I’m happy to say the solution worked for the DD group wiki, and following that success I donated the code to Open Source (under the W3C license). Since then the code underwent some minor updates to keep up with MediaWiki changes. Some people were charmed by the results. (It’s nice to know that someone outside W3C found it useful!) The most recent update by Rufus Pollock went up on GitHub in the middle of 2011. The W3C did eventually use the code to migrate the entire collection of W3C wikis in its care. They even took the time to write a short manual of how to use the tool I created.

Which brings me to the subject of documentation.

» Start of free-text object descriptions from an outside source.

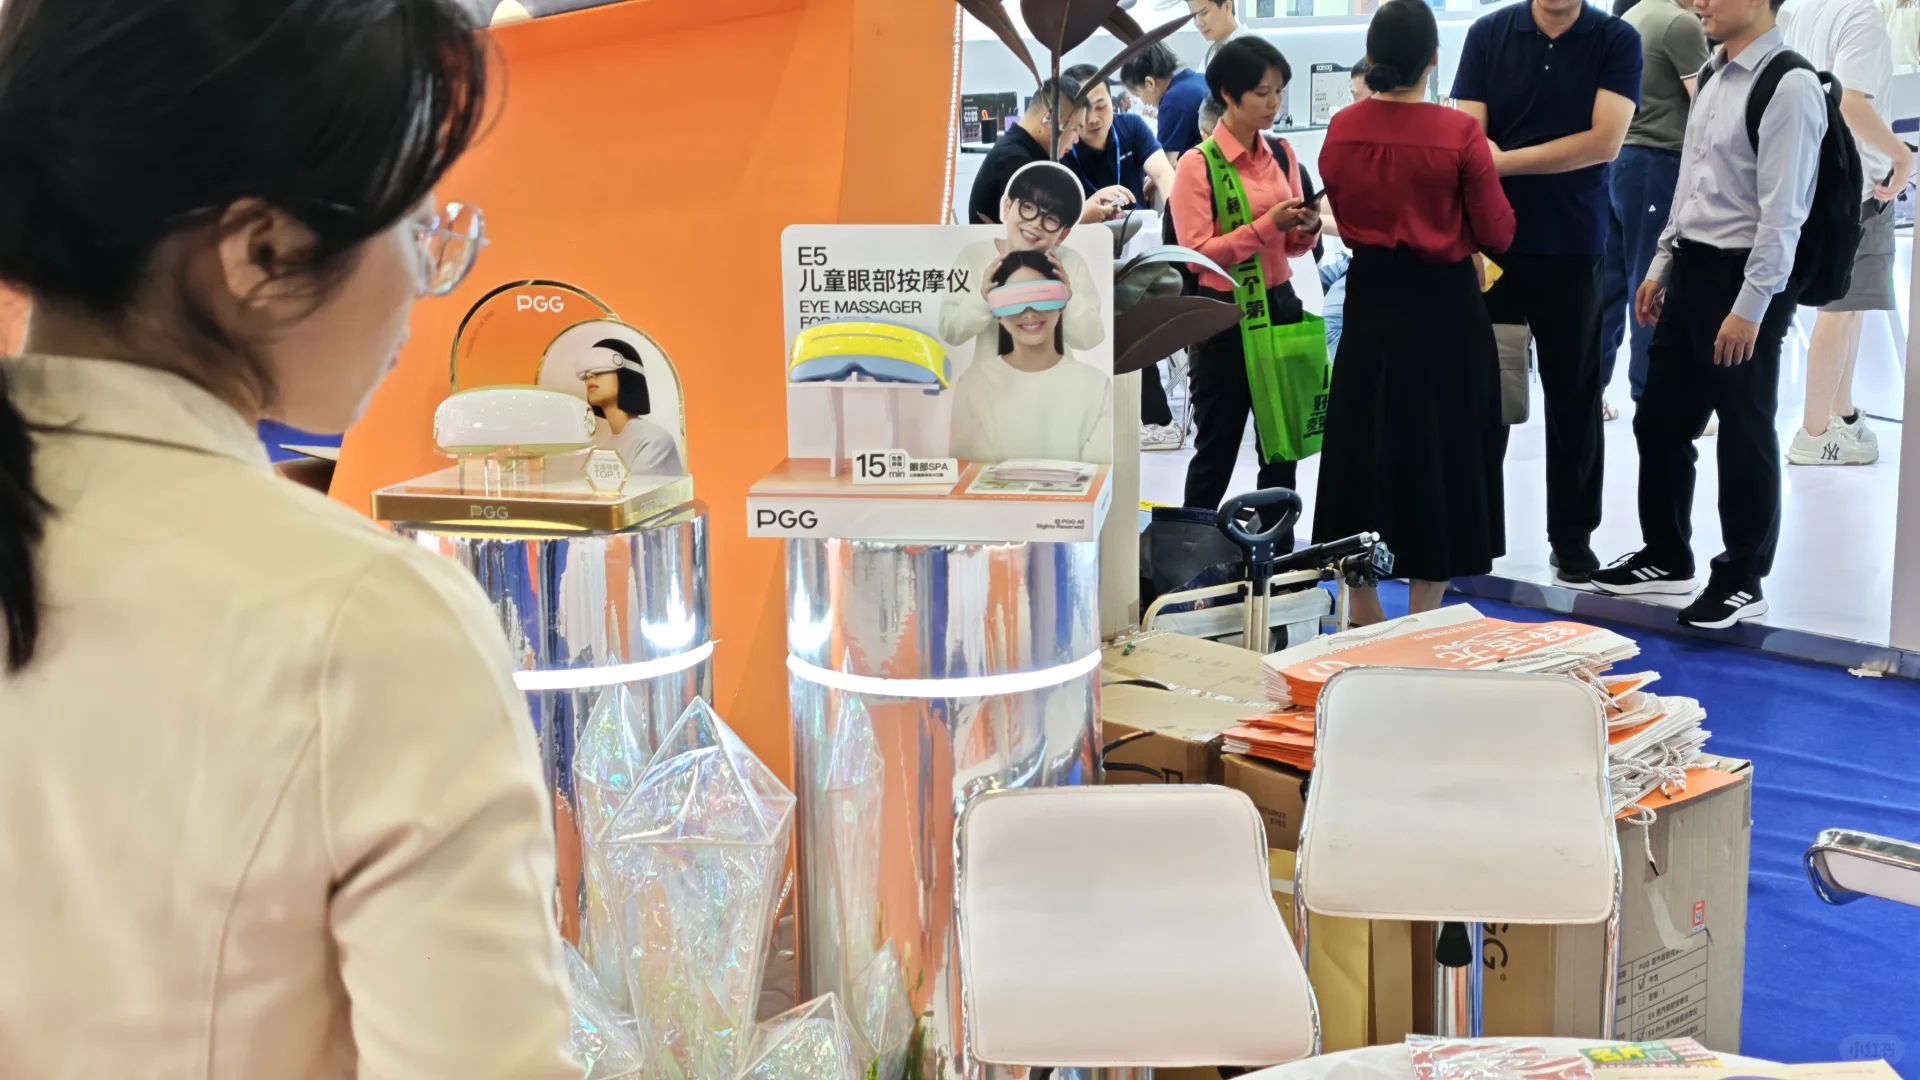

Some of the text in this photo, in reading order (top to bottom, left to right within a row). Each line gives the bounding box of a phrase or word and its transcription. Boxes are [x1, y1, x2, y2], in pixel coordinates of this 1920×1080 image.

[798, 246, 828, 266] E5
[799, 268, 971, 294] 儿童眼部按摩仪
[516, 295, 564, 313] PGG
[799, 300, 922, 314] EYE MASSAGER
[856, 453, 886, 478] 15
[889, 469, 905, 478] min
[470, 504, 509, 520] PGG
[757, 509, 819, 529] PGG

The mm2mw solution was written in Perl, one of a few programming languages that can be a joy to use, but also comes with huge risks of creating code that few can decipher. Including the author! Since nothing annoys me more than poorly commented code, I tried to make it reasonably structured, with sensible naming and plenty of comments, hints and explanations embedded in the “tricky” areas. These comments are as much for me as they are for others who might maintain my code. But the truth is that I seldom return to my old code, so I don’t normally get to discover how successful (or unsuccessful) my documentation has been.

The other day I was clearing out some of my old code archives when I came across a copy of mm2mw. “I remember that,” I thought, and out of curiosity I opened it up. So, after a number of years gathering dust, here are my first impressions as I scrolled through my old code:

  • What the…?
  • ASCII pictures of the directory hierarchies used/created. So glad I put those in.
  • It even generates its own help file when it has finished, so you know what to do next!
  • 20% of the source is preamble/explanation at the start. Keeping the doc as close to the code as possible.
  • Another 20% of the source is the interactive UI. Nothing complicated so far.
  • Ouch. Around line 400 it starts to get hairy.
  • Relying heavily on “meaningful” variable/subroutine names. These lines are wide!
  • Have to read slowly. Line… by… line…
  • Did I really write this?!: if ( $x =~ m/^\s*((<.[^>]+>|<\(>|<:>|<\)>)+)(.+)/ )
  • And why didn’t I comment that line???
  • Seriously??: s/\[:([^:\]]+):([^\]]+)\]/[[$1|$2]]/g;
  • Now I’m really having fun!: s/(?<![\&!\/#])\b([A-Z][a-z0-9]+){2,}(\/([A-Z][a-z0-9]+){2,})*\b/[[$&]]/g;
  • At this point I remember how to spin the scroll wheel on the mouse. My head hurts.

The source reads better colour-coded on GitHub, but it’s still quite rough to read. I thought at the time (2007) that I’d done a reasonably good job. Just as well the program works and has needed very little maintenance, as I’d sure feel sorry for anyone who has to pick up where I left off!